I also have a camellia that was magnificent till the wind blew. My garden is showered in beautiful (without tinges of brown) flowers..
Maybe the decaying brown ones have a better cling factor!
Do you get late frosts? In which case Charles is right, these are not suitable plants for your situation. The problem is not that allegedly self-grooming varieties are falsely described. I can say this with confidence being a Jury, It is that they are self-grooming when the flower has run its course. If the bloom is damaged before then (most common causes being frost or petal blight but I doubt that you have the latter), then the damaged brown flower will stay on the bush looking unsightly. Much of the UK is marginal at best for camellias which is why they have traditionally been grown under cover except in Cornwall and a few other favoured locations. More a case of pushing the climatic boundaries too far, I would suggest, than the short comings of the plant genus and modern breeding. There will be hardier varieties better suited to your conditions but you would have to do some research on what these are and then see if they are available commercially.

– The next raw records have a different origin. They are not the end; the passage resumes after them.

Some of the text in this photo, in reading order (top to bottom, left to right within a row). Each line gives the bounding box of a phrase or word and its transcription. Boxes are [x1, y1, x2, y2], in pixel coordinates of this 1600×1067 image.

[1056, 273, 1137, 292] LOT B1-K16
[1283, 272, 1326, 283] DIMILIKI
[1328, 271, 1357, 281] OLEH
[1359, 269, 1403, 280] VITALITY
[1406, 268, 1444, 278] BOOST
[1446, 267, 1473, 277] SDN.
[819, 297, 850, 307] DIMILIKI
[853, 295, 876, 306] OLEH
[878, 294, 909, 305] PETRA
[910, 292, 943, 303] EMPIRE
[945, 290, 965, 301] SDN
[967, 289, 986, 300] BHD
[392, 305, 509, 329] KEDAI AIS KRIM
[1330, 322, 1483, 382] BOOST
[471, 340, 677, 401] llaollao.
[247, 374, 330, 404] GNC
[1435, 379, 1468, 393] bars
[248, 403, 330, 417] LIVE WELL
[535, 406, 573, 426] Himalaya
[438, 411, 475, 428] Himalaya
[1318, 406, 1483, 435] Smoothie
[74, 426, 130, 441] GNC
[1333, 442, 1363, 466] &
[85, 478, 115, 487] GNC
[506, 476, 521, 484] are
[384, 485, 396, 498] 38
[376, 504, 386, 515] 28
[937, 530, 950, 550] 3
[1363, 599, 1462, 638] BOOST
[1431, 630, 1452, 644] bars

I wonder what a late frost would be? The camellia flowers were damaged in early March, in a mild winter. A late frost would be late April. We’re not especially cold for the uk.Could any frost is the problem…?

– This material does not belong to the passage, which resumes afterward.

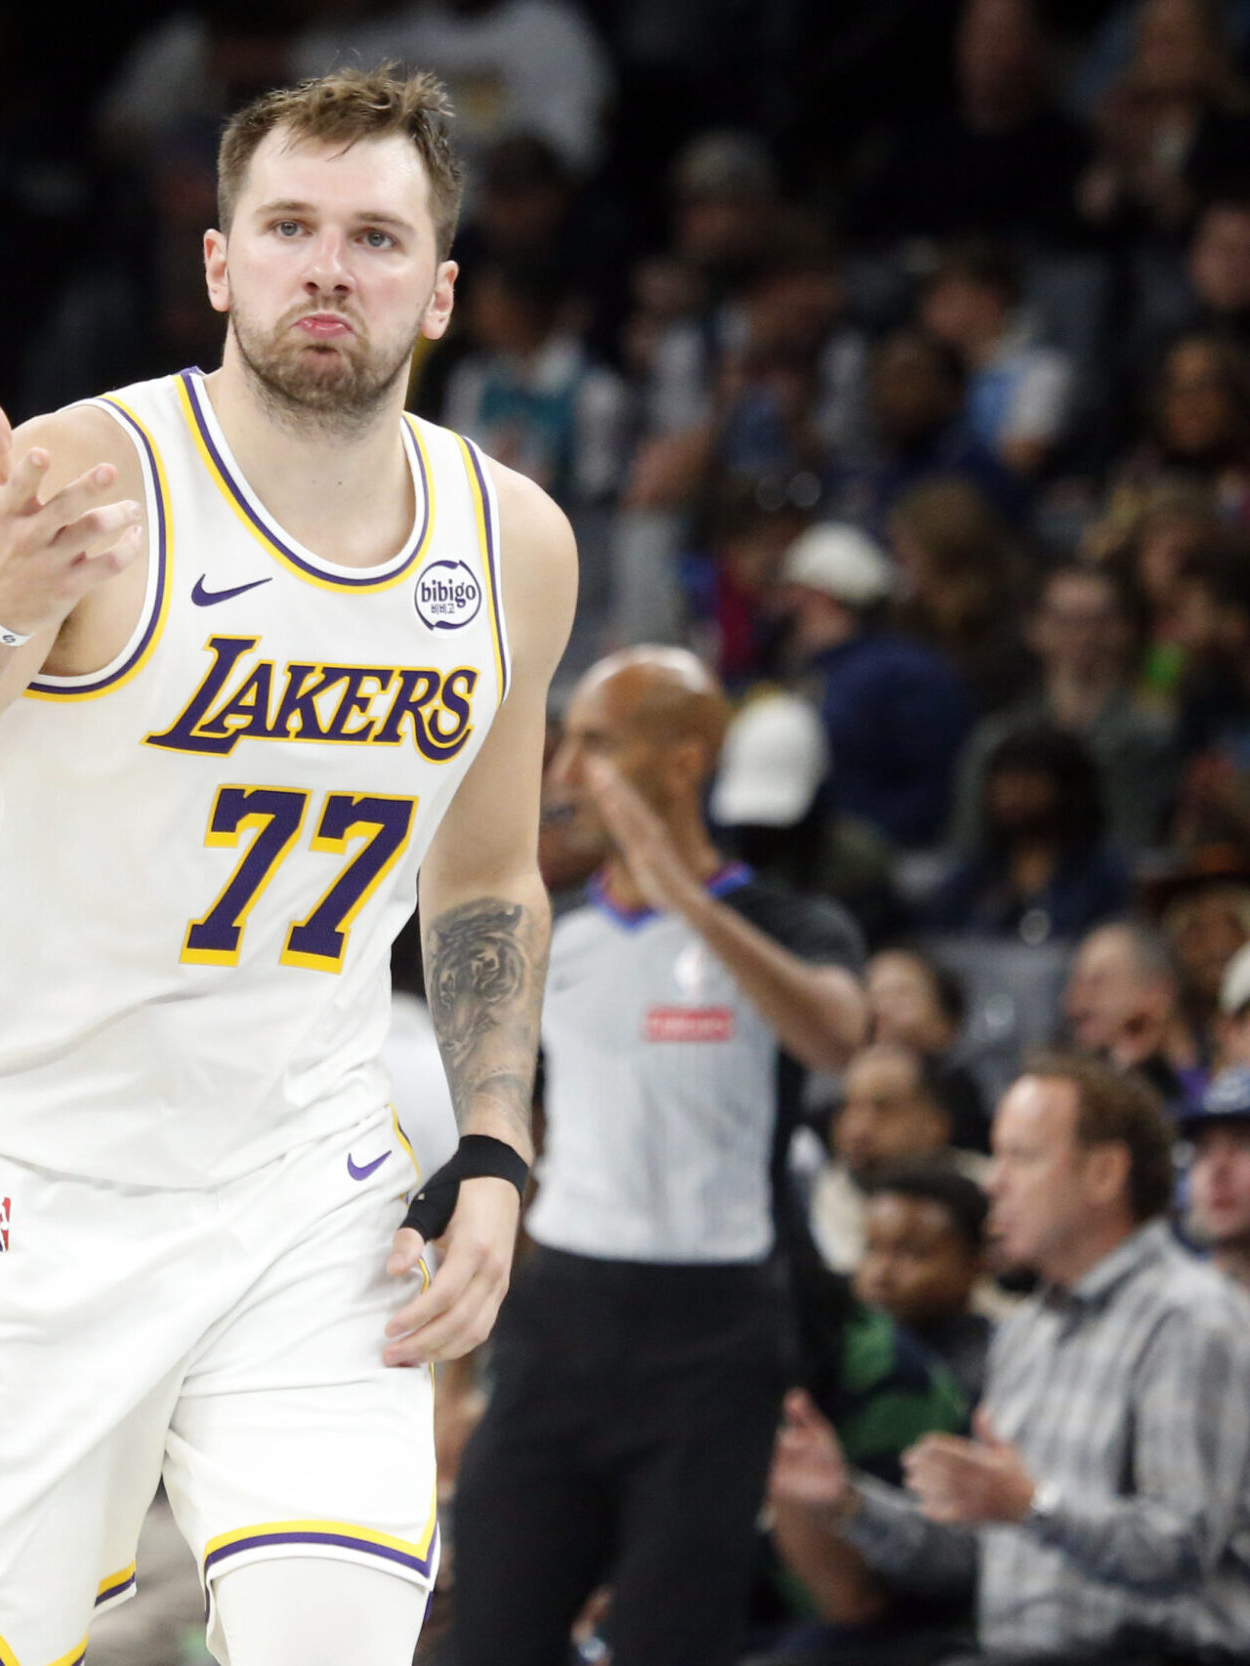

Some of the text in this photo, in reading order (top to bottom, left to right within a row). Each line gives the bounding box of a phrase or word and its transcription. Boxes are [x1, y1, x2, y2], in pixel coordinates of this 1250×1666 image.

[421, 579, 477, 609] bibigo
[141, 635, 481, 765] LAKERS
[179, 783, 419, 975] 77

I know a month for month translation is not entirely accurate but March – our September, late April – our October? A late frost for us is anything after early August. A September or October frost would be devastating. But any frost will damage open camellia flowers and mush them.
Those flowers are just not hardy in uk then. Frost is ordinary in March And April in most of the country.That’s clear. And not exciting enough to search out varieties which could/might be…… Thanks, Abbie.Xx
You question whether growing under glass is the answer and we thought it was the problem. The Camellias in the glorious Camellia House at Wollaton Hall, Nottingham, are sadly infested with aphids which means that (especially on the sunniest side of the house) the plants are covered with sooty mould.
I suppose we might have anticipated that one!
your problem with moldy/brown/soggy flowers is due to the lack of removing at least 50% of the buds before they bloom – pop off the buds, leaving just one per blooming branch … doing that provides space for the single flower to have great air circulation … tedious chore? – yes, but the results are worth the tedium …
Thank you. But nothing could be worth that! At least nothing camellia-ish…
I love them, too, in bloom. So much so I believed an article saying that some had been bred to grow in my Zone 5 garden. I fell for the press, purchased several at considerable expense. They all died. Sometime, often, I have to acknowledge I can not grow some plants in my garden, no matter how much I’d like to. Now I enjoy camellias when I visit the San Francisco, CA area.
There should be comeback against inaccurate or over optimistic garden articles. Time the garden media grew up and stopped greeting everything with breathless enthusiasm.
I keep pots of camellias in the back yard where their glossy evergreen leaves hide the bins and such. They spend a month at the front and then retreat to the yard again to make way for potted rhododendrons which don’t grow in our solid chalk soil. I wouldn’t have them in a shrubbery.
Good thinking…
If only the internet would show pictures of plants after they have gone over, gardeners might be more cautious about their choices. I realize I avoid plants that do not die well or provide late interest after spring flowering, as my tiny garden is on show from all angles at all times…so no camellias, nor white lilac or buddliea, no hemerocallis, no forsythia, ribes or magnolia.
I have cistus, sedums, poppies and aquilegia that do not resend post-flowering decapitation, and many other plants that give me pleasure with minimal post-climax letdown. I should have used this criteria to chose husbands….
Very wise, especially the last….. Xxx
Mine are heaving with billions of vomit-inducing black aphids. The whole thing is a horror show and I can’t stand it. I’ve just ordered a flame thrower from amazon – hopefully this will sort it. May replace them with an oleander. Of course that would be the end of the dog…
That’s the joy of the natural world!